Tuesday, March 11

Cool, Not So Clear Water

What's in your tapwater? According to a number of studies, much more than you think and the meaning of which is thus far not well understood.

One study points out the increase of pharmaceuticals in the water supply, most of which can be excreted from the body (usually in urine), flushed into toilets, and can pass through sewerage treatment plants into surface waters, rivers, etc.

In Philadelphia, the water department has found traces of 56 pharmaceuticals or their byproducts - like the active ingredients in drugs to treat depression, anxiety, high cholesterol, fever and pain - in the drinking water, and that 63 pharmaceuticals or byproducts had been found in the city's source watersheds. However the Water Department spokeswoman Laura Copeland said, "It would be irresponsible to communicate to the public about this issue, as doing so would only generate questions that scientific research has not yet answered. We don't want to create the perception where people would be alarmed."

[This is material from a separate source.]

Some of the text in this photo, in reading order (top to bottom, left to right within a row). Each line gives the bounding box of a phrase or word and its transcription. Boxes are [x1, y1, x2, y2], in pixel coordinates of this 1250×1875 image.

The City of Milwaukee does monitor pharmaceuticals and other personal care products (PPCPs) and provides this infomration on their website to citizens, but does include a disclaimer: "The fact that a substance is detectable does not mean the substance is harmful to humans. To date, research throughout the world has not demonstrated an impact on human health from pharmaceuticals at the low levels found in some drinking water supplies."

Experts encourage people not to flush unused medicines down the toilet, but to dispose of them as solid waste. This, of course leads to the question, does this leach into groundwater? The answer: It depends on the type of solid waste system.

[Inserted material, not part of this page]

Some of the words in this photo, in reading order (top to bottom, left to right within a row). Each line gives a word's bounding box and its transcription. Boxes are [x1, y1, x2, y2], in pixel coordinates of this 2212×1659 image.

Beyond pharmaceuticals, there are a number of other waste by-products that end up in the water supply. Since 1992, MTBE has been used at higher concentrations in some gasoline to fulfill the oxygenate requirements set by Congress in the 1990 Clean Air Act Amendments. (A few cities, such as Denver, used oxygenates (MTBE) at higher concentrations during the wintertime in the late 1980's.)

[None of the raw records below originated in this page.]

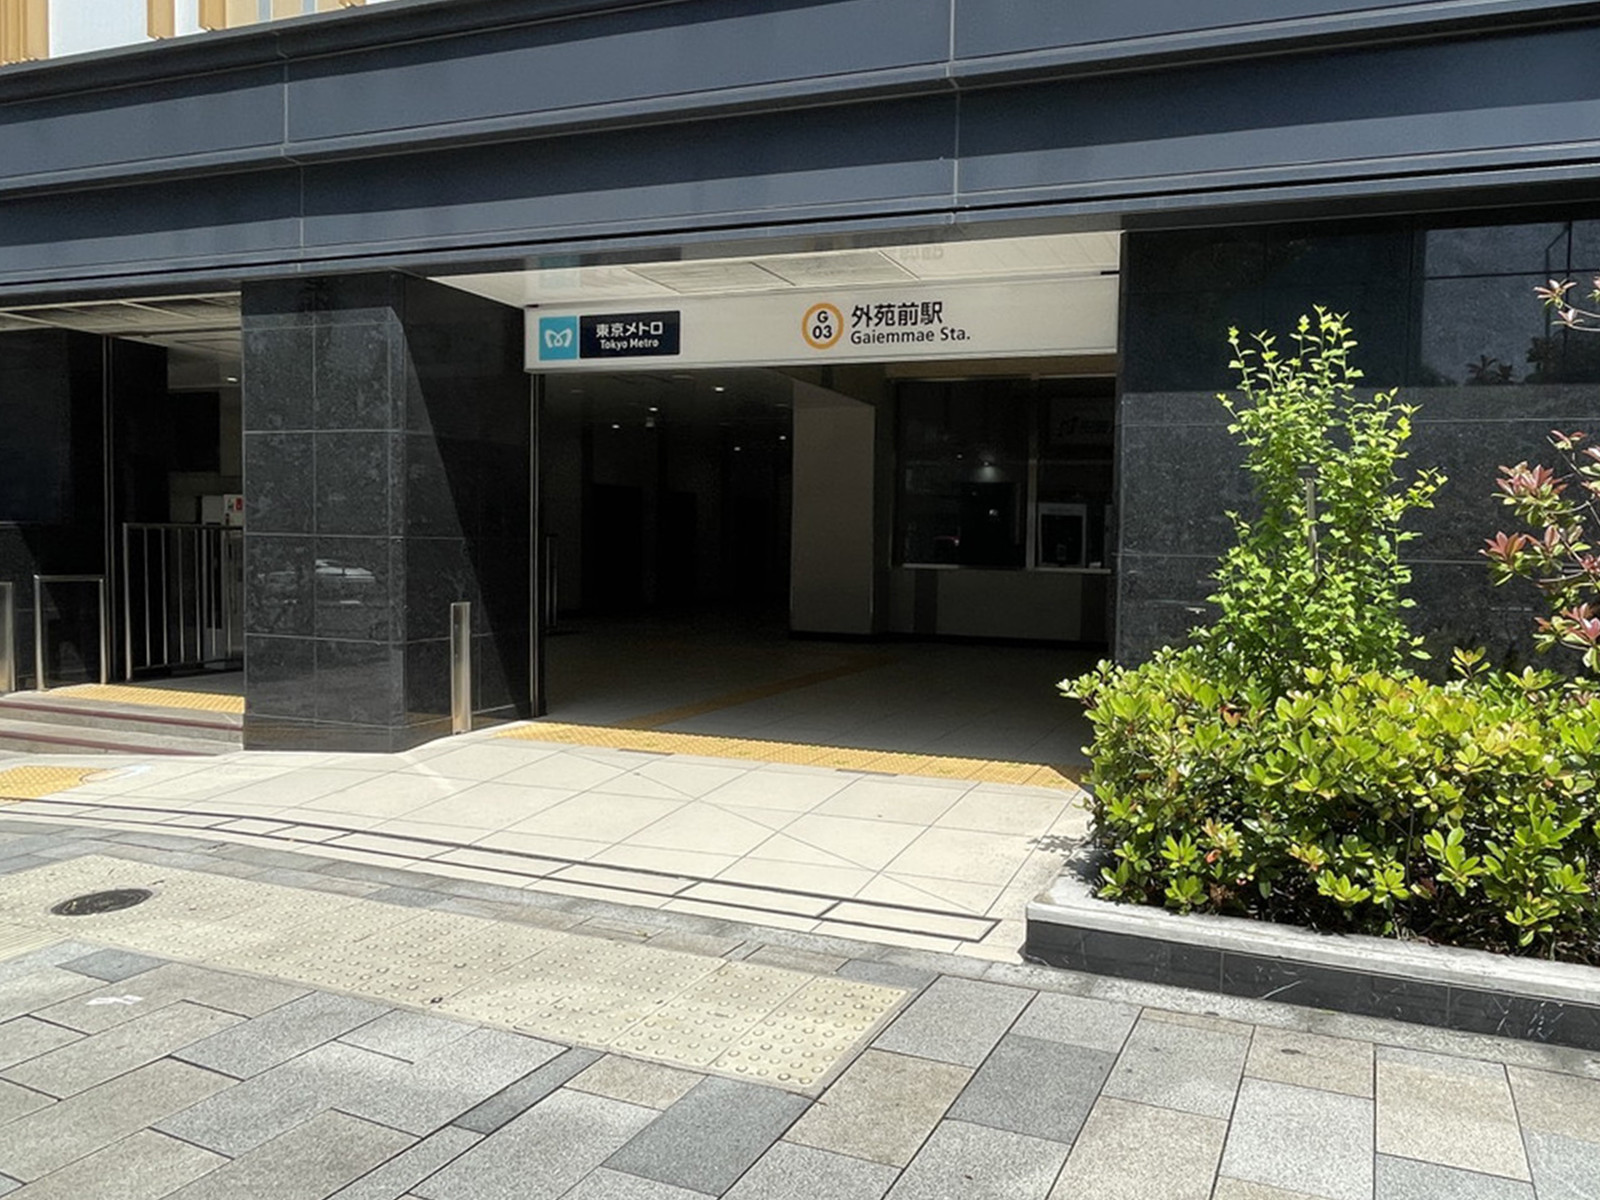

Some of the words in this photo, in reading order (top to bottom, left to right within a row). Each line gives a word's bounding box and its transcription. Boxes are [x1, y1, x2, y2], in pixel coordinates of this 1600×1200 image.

[817, 310, 829, 323] G
[851, 301, 943, 328] 外苑前駅
[596, 321, 663, 338] 東京メトロ
[812, 325, 833, 339] 03
[850, 329, 935, 345] Gaiemmae
[940, 326, 971, 341] Sta.
[600, 340, 628, 350] Tokyo
[629, 338, 659, 348] Metro
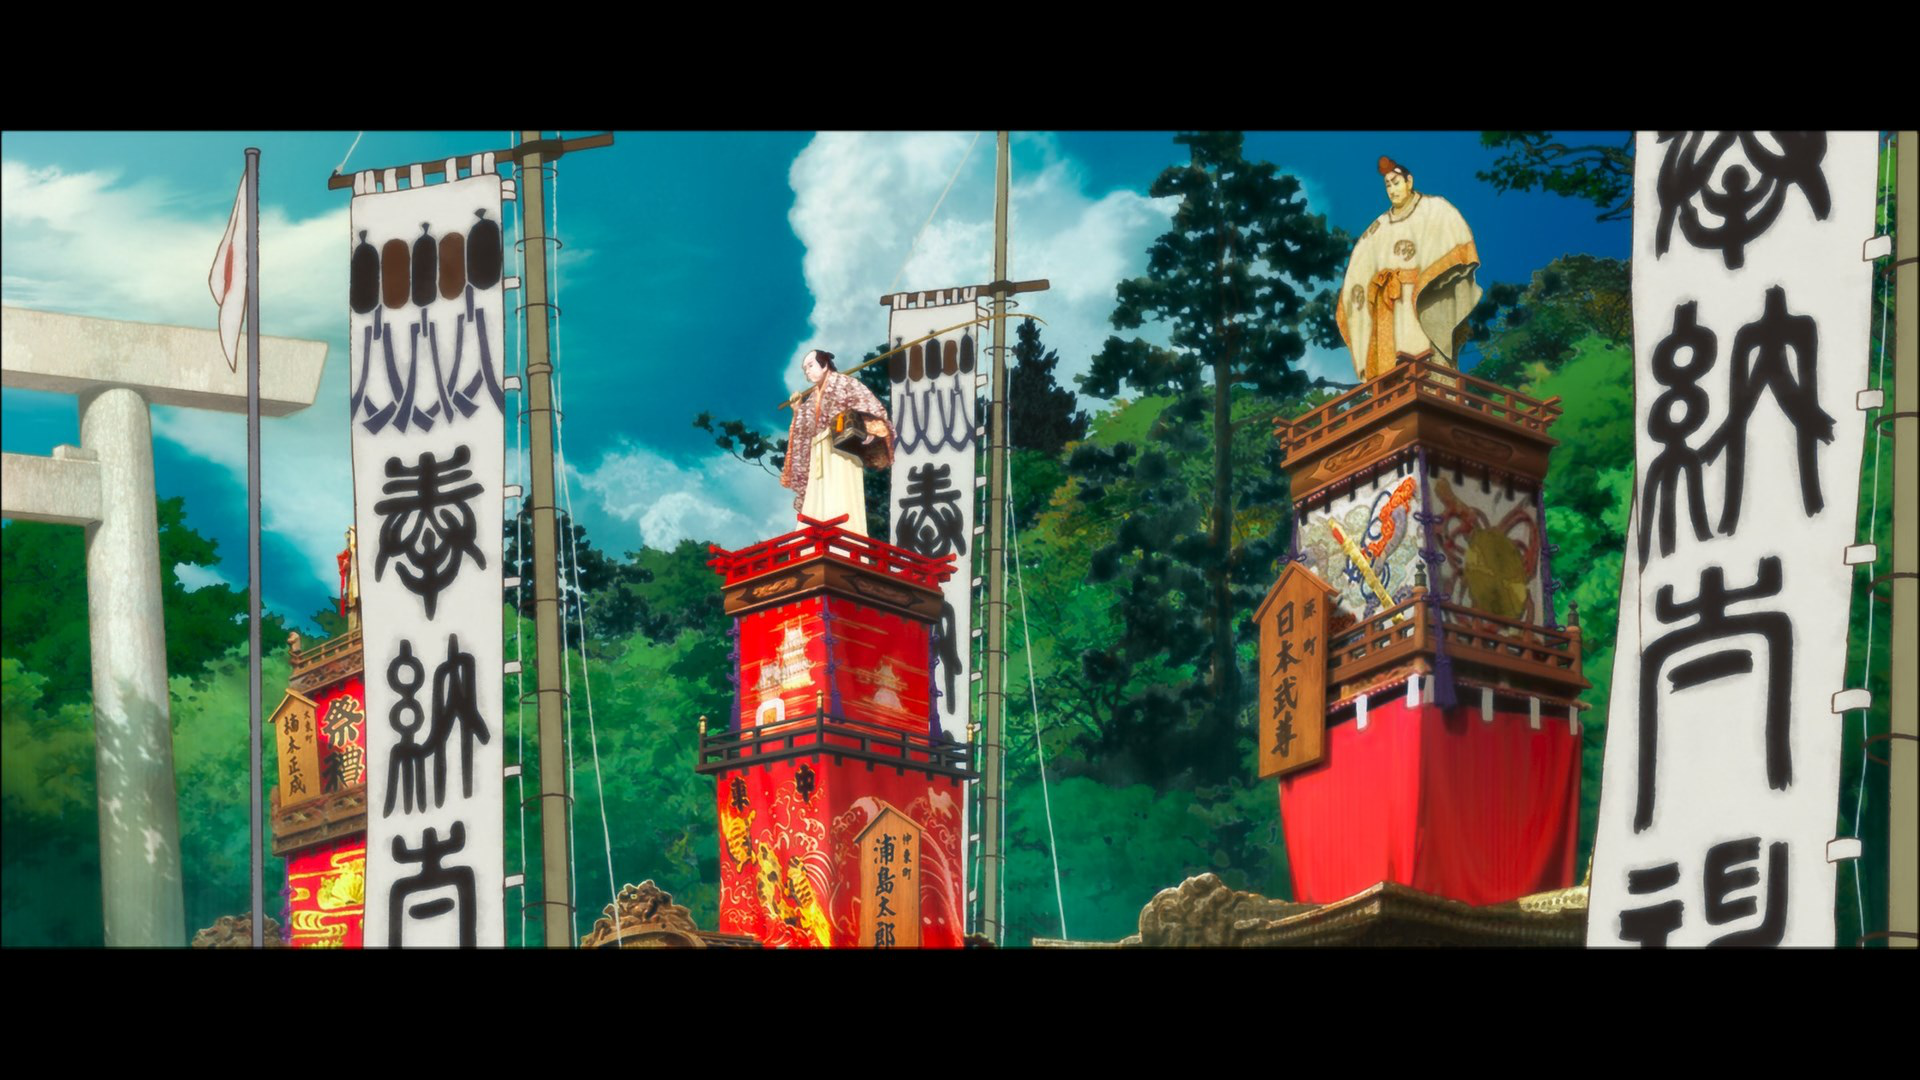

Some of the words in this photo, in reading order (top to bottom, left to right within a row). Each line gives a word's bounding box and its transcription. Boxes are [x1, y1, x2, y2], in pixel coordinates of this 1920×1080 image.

[1271, 600, 1302, 758] 日本武尊
[283, 713, 306, 797] 楠木正成
[874, 834, 897, 947] 浦島太郎

A risk assessment by the European Union (EU) in 2001 of methyl tertiary butyl ether (MTBE) has concluded that it does not pose a danger to human health, but that tighter controls on the handling and storage of the chemical are required. However, MTBE producers face a crisis of public confidence in the US due to leakages from storage facilities and its known carcinogenic qualities.

While the water quality in the US continues to be higher than the world at large, with the globalization of economies, the world's fresh water supply which is 2.5% of all the world's water, is endangered.

In fact, demand is already outstripping supply as these latest statistics from Blue Gold attest:

* Groundwater extractions exceed the recharge rate in the Arabian peninsula by nearly three times
* Seawater intrusion and agricultural runoff have contaminated 13 percent of Israel's coastal aquifers
* Non-recharging aquifers in Africa are being depleted at a rate of 10 billion cubic meters per year
* India is experiencing falling water tables throughout the entire country
* Eight regions in China are subject to aquifer overdraft and Beijing's water table has fallen 37 meters during the past four decades
* Mexico city pumps out its aquifers at a rate 50 to 80 percent greater than they recharge, prompting experts to predict that the city will run dry in the next decade
* Extractions from the 800-mile wide High Plains Ogallala aquifer in the U.S. exceed the recharge rate by eight times, and finally
* "21 percent of irrigation is achieved by pumping ground water at rates that exceed the recharge rate."

As explained in Blue Gold:

The dominant worldview adhered to by the corporate elite and their allies in government places greater value on economic growth and shareholder gains than on human rights and ecological sustainability. As a consequence of this pervasive attitude, the natural world, with all of its complex associations and diverse ecosystems, is unraveling under the ravenous, "resource-eating" frenzy of globalization. The abuse of water, especially by the most prosperous segments of society, reflects the cavalier and irreverent attitude that humanity has towards water. Water, that universal ingredient for life itself, has become the latest victim to suffer from the unbalanced, unsustainable economic model of infinite growth.


What this seems to say is that we need to be more vigilant about our water supply and to push for higher water quality and water policy standards.